Common (affecting between 1 in 10 to 1 in 100)

  • Abdominal problems (diarrhea, constipation, nausea, or stomach pain)
  • Depression
  • Skin problems (itchiness, rash, or sweating)
  • General aches and pains in the muscles and joints

Uncommon (affecting 1 in 100 to 1 in 1000)

  • Swollen joints
  • Weight changes
  • Severe headaches
  • Falling down
  • Confusion
  • Severe cough

Very rare (affecting less than 1 in 10,000)

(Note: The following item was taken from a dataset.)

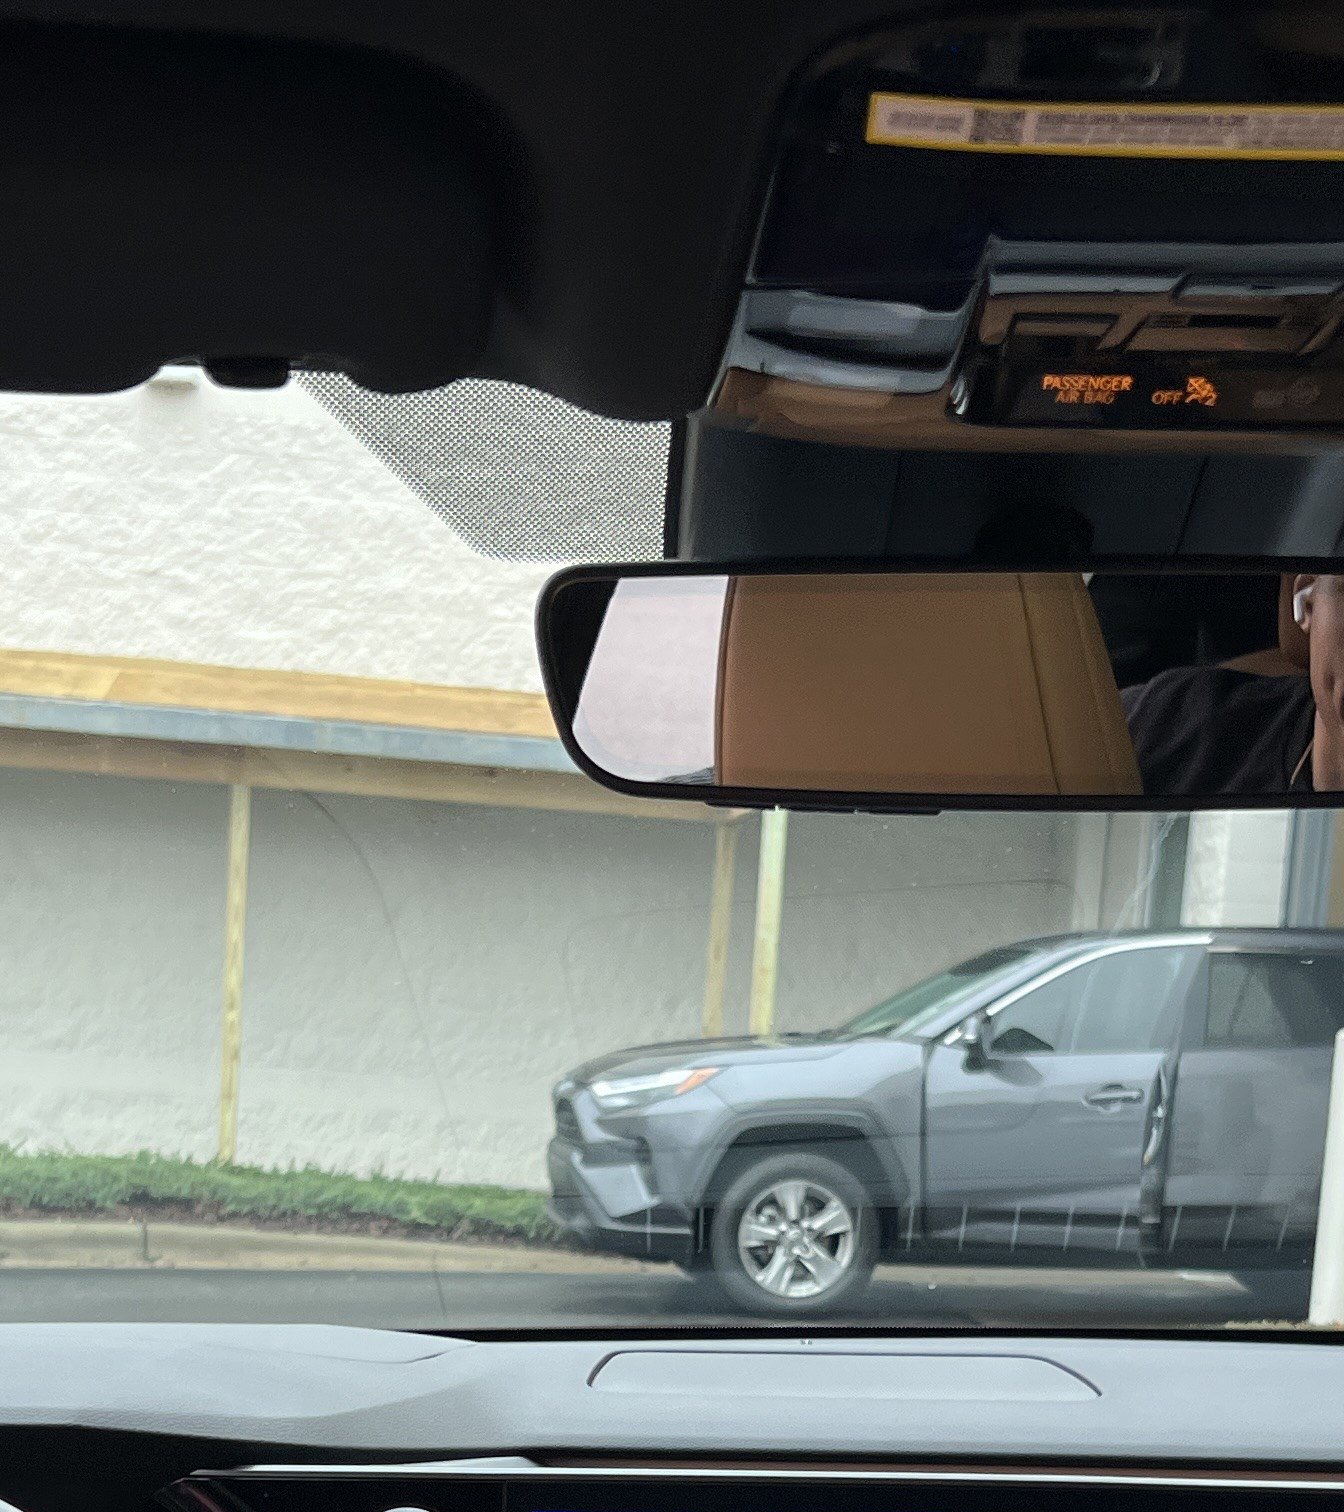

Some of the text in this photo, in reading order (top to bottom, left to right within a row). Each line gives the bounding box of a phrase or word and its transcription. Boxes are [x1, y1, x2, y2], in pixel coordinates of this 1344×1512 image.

  • Blisters under the skin
  • Blood in the urine
  • Chest pain
  • Convulsions
  • Seizures
  • Darker urine
  • Fainting
  • Numbness in the extremities
  • Yellowed eyes or skin

Precautions

  • In patients with pre-existing kidney disease, liver disease, seizure disorder, lungs disease, history of drug dependency or have any allergy.
  • During pregnancy or lactation
  • When taking medications such as tranquilizers, hypnotics or other opiate containing analgesics
  • In patients with acute abdominal conditions undergoing clinical assessment

Clinical evidence

  • Tramadol is a centrally acting analgesic which is structurally related to codeine and morphine. It provides postoperative pain relief comparable to pethidine. The analgesic efficacy of tramadol can be improved by combination with a non-opioid analgesic. It is an effective and well tolerated agent to reduce pain resulting from trauma, renal or biliary colic and labour. It is also used for managing chronic pain of malignant or nonmalignant origin, particularly neuropathic pain. Tramadol produces less constipation and dependence than equianalgesic doses of strong opioids.
  • Tramadol efficacy for managing moderate to severe postoperative pain has been demonstrated in both inpatients and day surgery patients. Unlike other opioids, tramadol has no clinically relevant effects on respiratory or cardiovascular parameters. It may prove particularly useful in patients with poor cardiopulmonary function, including elderly, obese and smokers, in patients with impaired hepatic or renal function, and in patients in whom nonsteroidal anti-inflammatory drugs (NSAIDs) are not recommended or need to be used with caution. Parenteral or oral tramadol has proved to be an effective and well tolerated analgesic agent in the perioperative setting.
  • Tramadol is effective in different types of moderate-to-severe acute and chronic pain, including neuropathic pain, low back pain, osteoarthritis pain and breakthrough pain. It also causes fewer opioid-type adverse effects like, nausea, drowsiness, vomiting, dry mouth and constipation. Although trials in literature demonstrate immune-stimulating effects of tramadol, there are also trials suggesting immunosuppressive effects that are lesser than morphine. Owing to its pharmacological properties, tramadol is more appropriate than NSAIDs for patients suffering from gastrointestinal and renal problems. Besides its proven clinical efficacy, tramadol is a safe drug as respiratory depression, cardiovascular side effects, drug abuse and dependence are of minor clinical relevance, unlike some other opioids.

References

    • Grond S1, Sablotzki A. Clin Pharmacokinet. 2004;43(13):879-923.
    • Scott LJ1, Perry CM. Drugs. 2000 Jul; 60(1):139-76.
    • Keskinbora K1, Aydinli I. Agri. 2006 Jan; 18(1):5-19.